* _ASSIGNED TASK_: Down to the last line, set down the listing below exactly, apart from its pictures.

* _GIVEN DATA_:
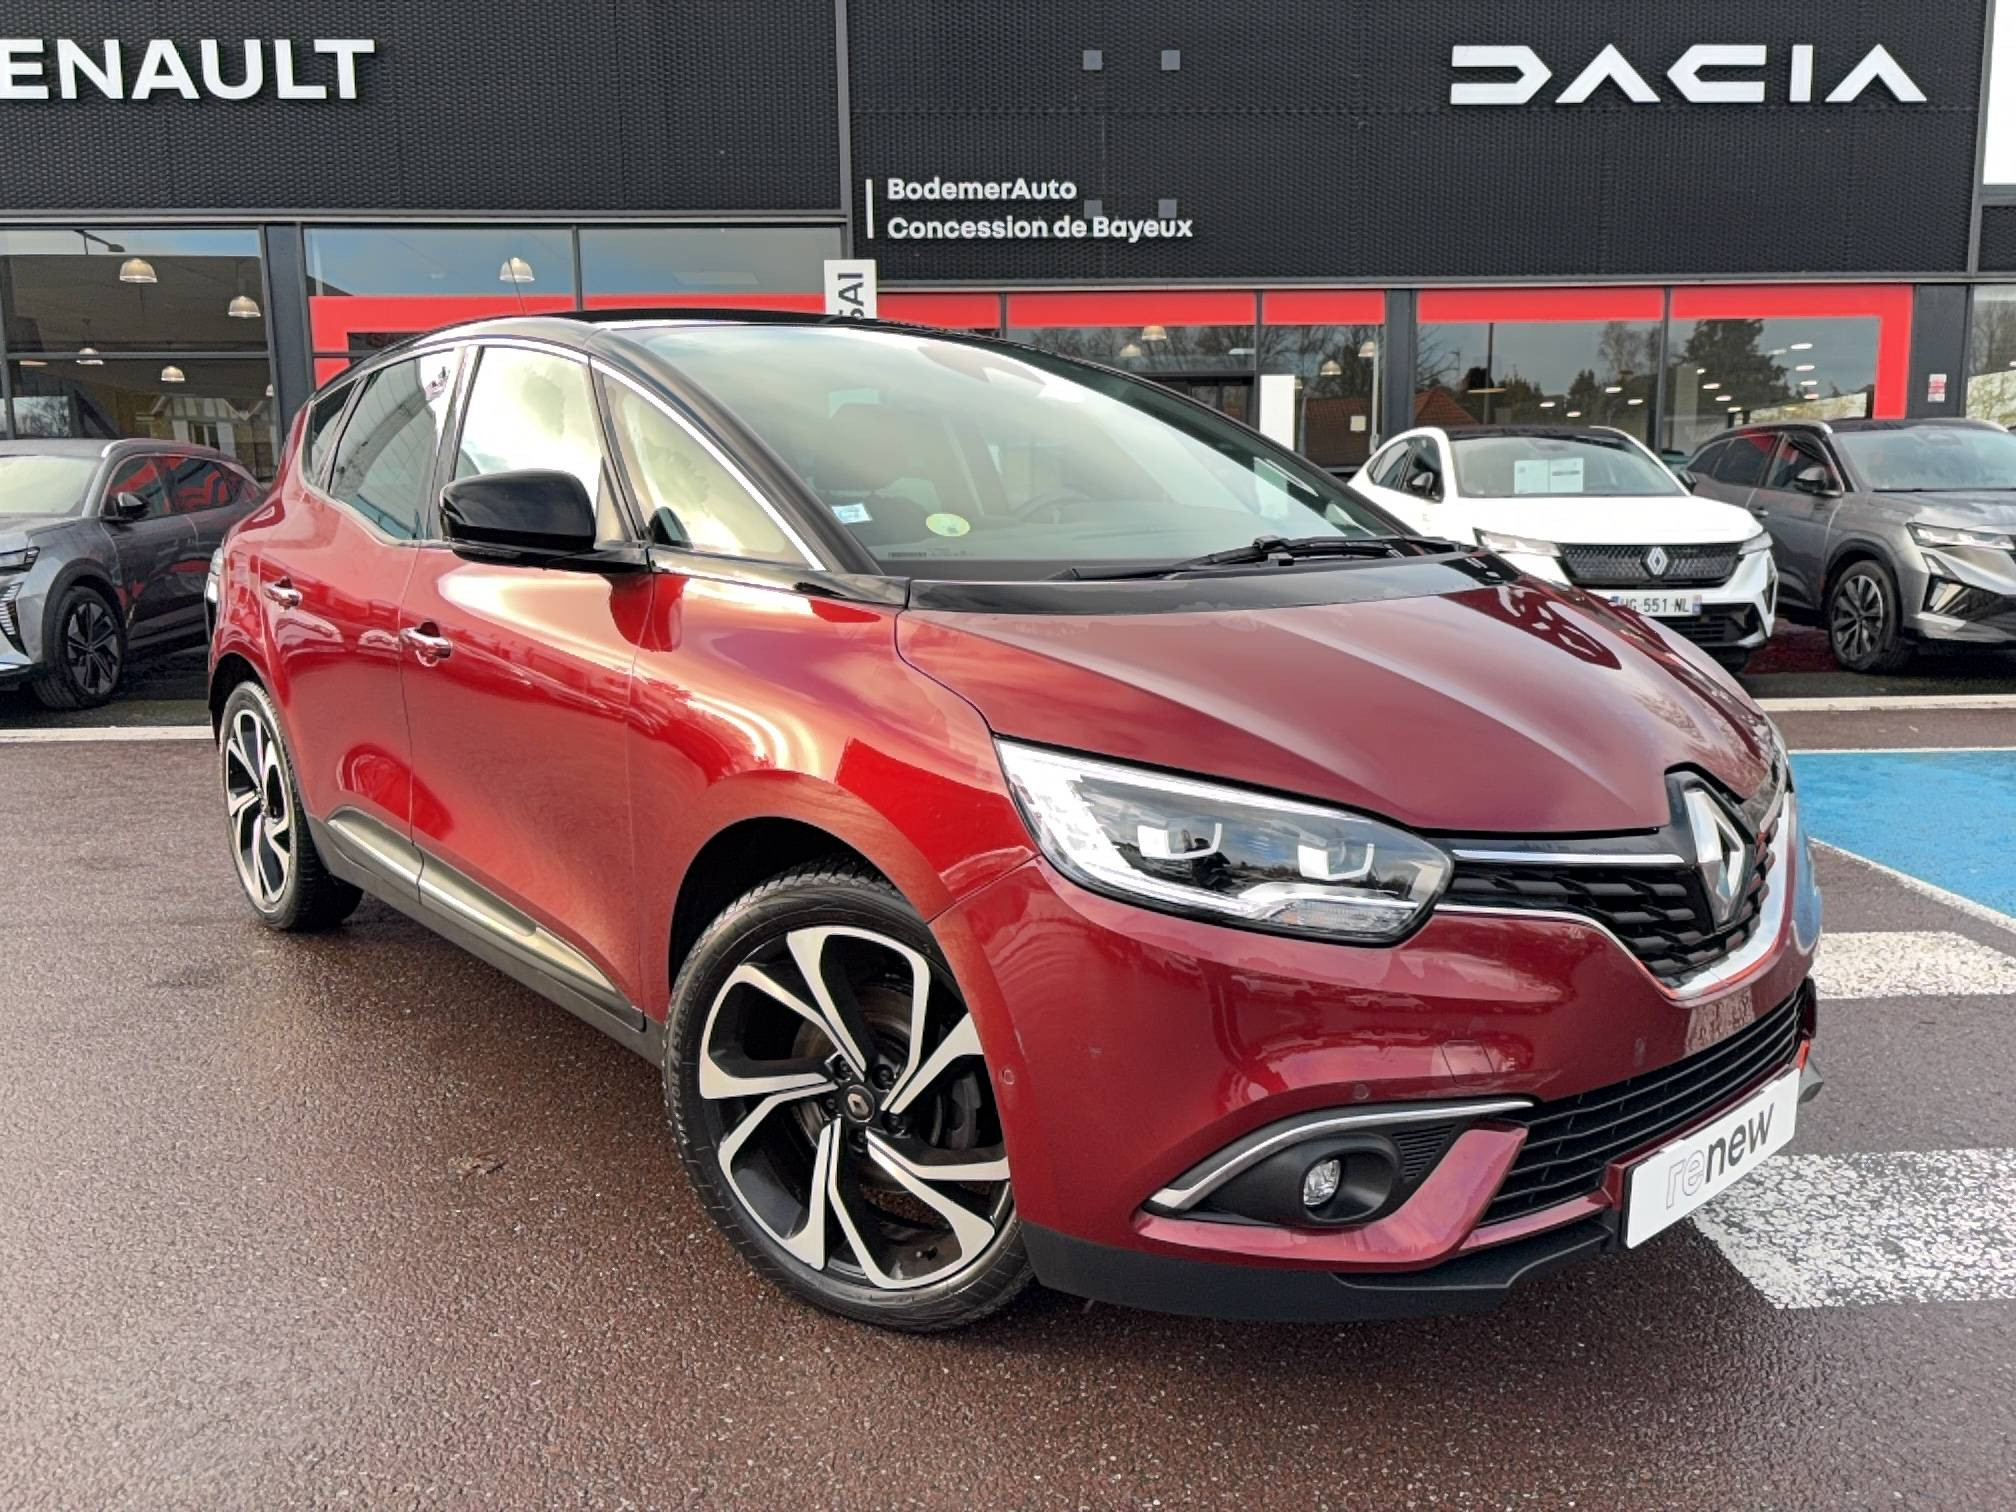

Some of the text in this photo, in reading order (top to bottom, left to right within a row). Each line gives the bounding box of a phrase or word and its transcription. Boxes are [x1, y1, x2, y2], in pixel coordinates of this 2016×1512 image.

[1450, 43, 1928, 105] DACIA
[887, 176, 1077, 200] BodemerAuto
[887, 214, 1193, 243] Concession de Bayeux
[1665, 1102, 1775, 1210] renew

* _SOLUTION TO THIS EXERCISE_:
Some of the text in this photo, in reading order (top to bottom, left to right within a row). Each line gives the bounding box of a phrase or word and its transcription. Boxes are [x1, y1, x2, y2], in pixel coordinates of this 2016×1512 image.

[1450, 43, 1928, 105] DACIA
[887, 176, 1077, 200] BodemerAuto
[887, 214, 1193, 243] Concession de Bayeux
[1665, 1102, 1775, 1210] renew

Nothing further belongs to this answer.